“I made you, and I will break you!” he cried furiously. “I might have done it before. Perhaps you did not guess that it was I who persuaded your husband to patience when he was goaded into wishing to seek a separation on account of your conduct towards him? That is new to you, is it? It was not for your sake I did it—it was for the sake of Thracia, that no slander might touch my country’s royal house. But it might have been well if I had allowed my master to take the course he proposed. Then at least I should have been spared the knowledge that I had bestowed my charity upon a treacherous, heartless coquette”—this was not quite the word which M. Drakovics used—“scheming to place her lover on the throne from which she had successfully removed her husband.”
“Drakovics!” cried Cyril, springing forward, but Ernestine waved him back.
“This is my affair, Count. M. Drakovics, you may go; and never venture to present yourself in my presence again. Your services are dispensed with.” M. Drakovics hesitated, tried to speak, then recoiled, unable to face the eyes burning with indignation which seemed to pierce him through and through, and departed; while as he went he heard the Queen’s voice saying in very different tones, “And now, Count, let us return to our account-books!”
But the words were the last effort of which Ernestine was capable. Cyril, stepping forward to close the door behind the fallen Minister, returned to find her cowering in her chair, with her face turned away from him.
“My dearest,” he said, putting his hand on her shoulder; but she shuddered and shrank from him.
“Don’t touch me!” she cried. “I can’t bear it. You heard what he called me, Cyril?” her voice rose almost to a shriek.
“He was really not responsible for his language at the moment, dear. And you faced him splendidly. You certainly had the best of it.”
“That he—or any one—should be able to say such a thing to me!” she wailed, not heeding his attempts at comfort. “I know that I behaved wrongly to my husband—that I was hard, cold, proud—but never in word or thought was I—and that other thing he said—Cyril. Cyril, say that you don’t believe it.”

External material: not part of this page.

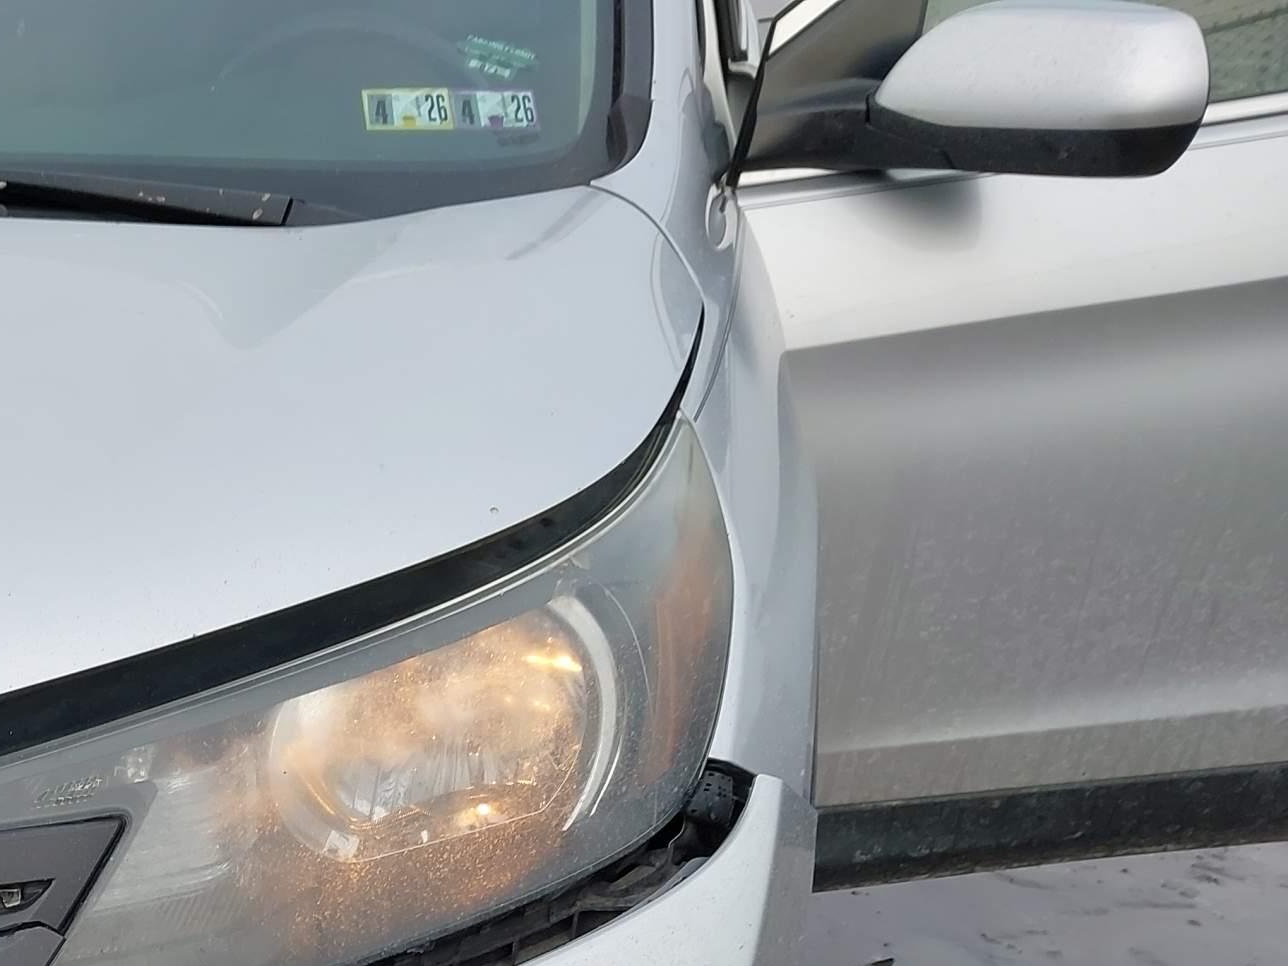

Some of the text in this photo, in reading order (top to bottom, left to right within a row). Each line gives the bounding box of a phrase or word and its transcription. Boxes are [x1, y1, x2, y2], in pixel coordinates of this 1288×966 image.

[375, 94, 448, 125] 4 26
[461, 95, 534, 125] 4 26
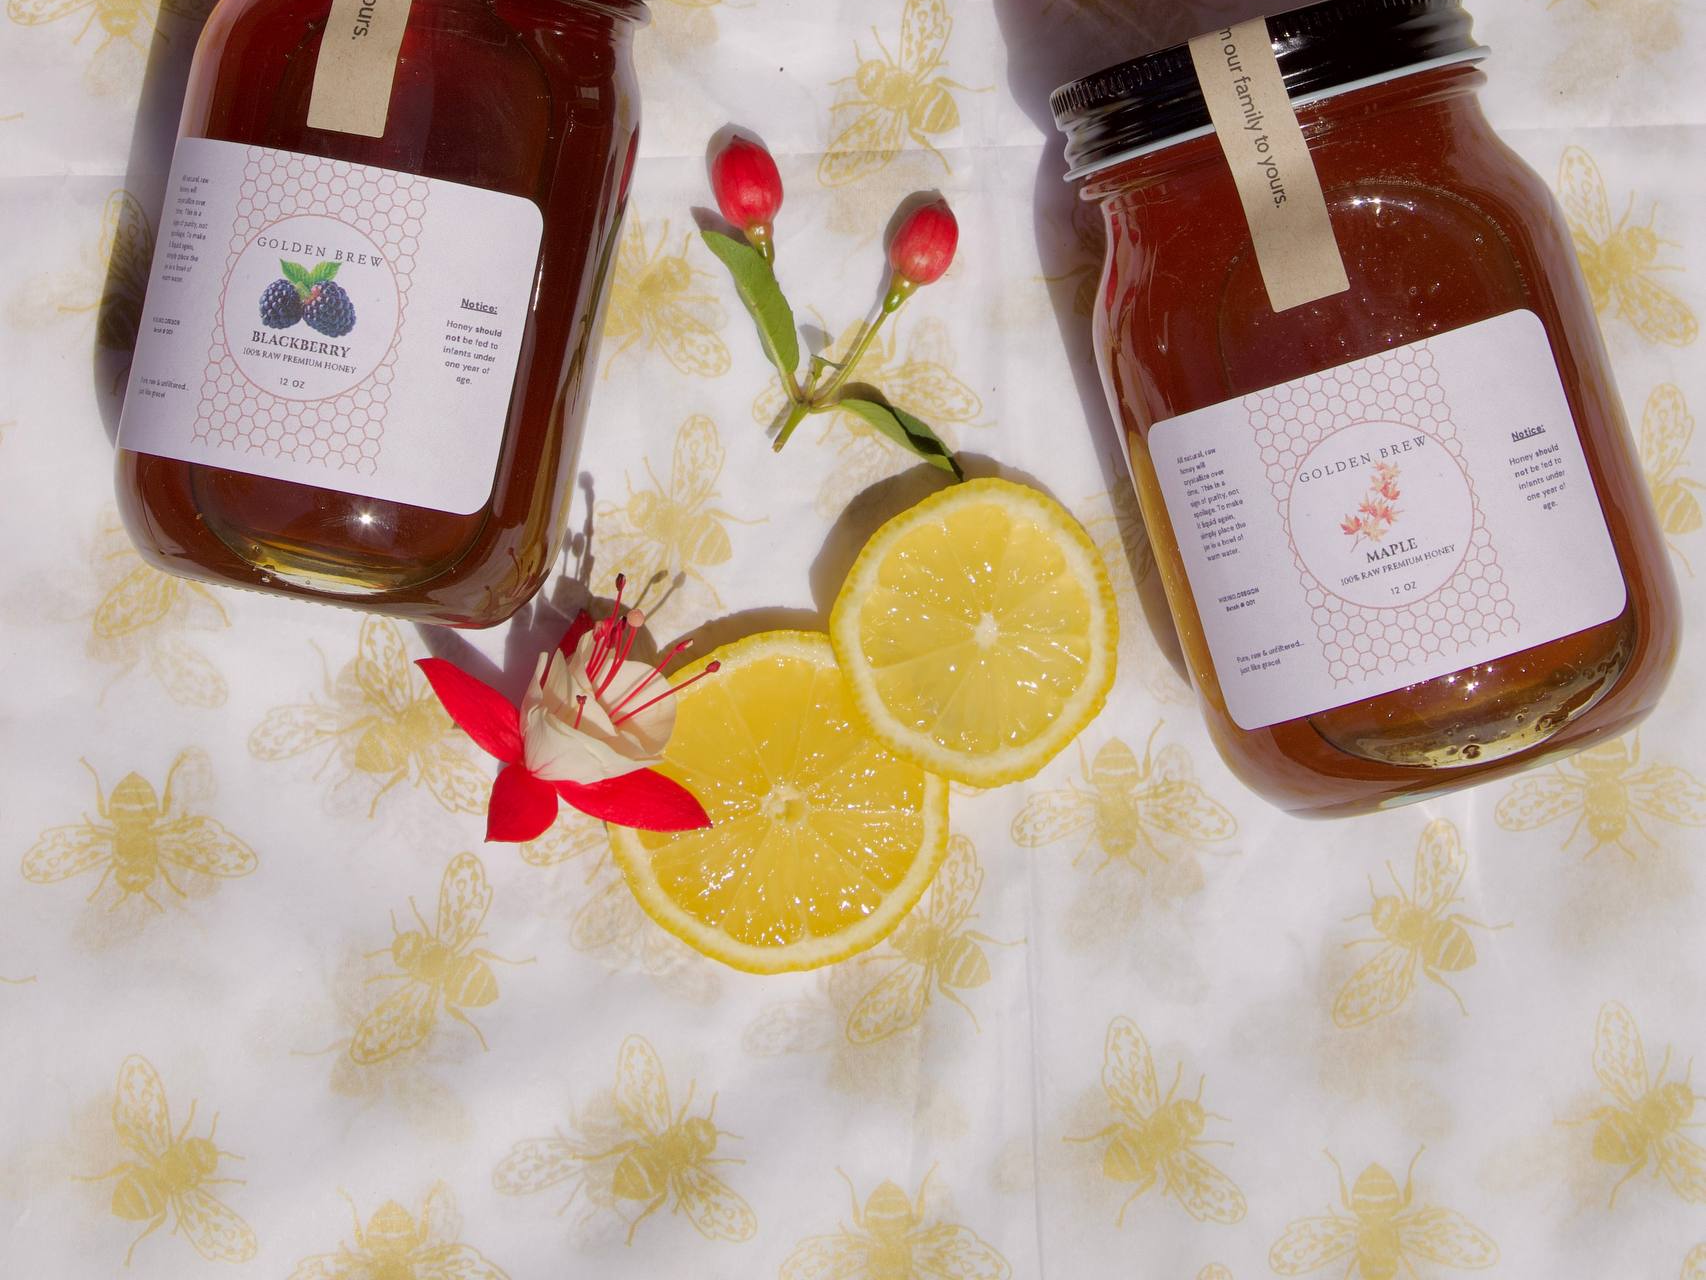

“Believe it? My dearest, the man doesn’t believe it himself. He wouldn’t have said it if he had been in his right mind, but he wanted to hurt you, and he said the first thing that came into his head, though he knows that no human being would credit it for an instant. It would stamp him as mad if he ever uttered it to any one.”
“No, no; I don’t mean that, though I should die of shame if I thought that any one knew it had been said. It is that he said it to me, and that you heard it. Oh, you can’t understand; it hurts, it hurts! Say something to me; make me forget it, or I shall go mad.”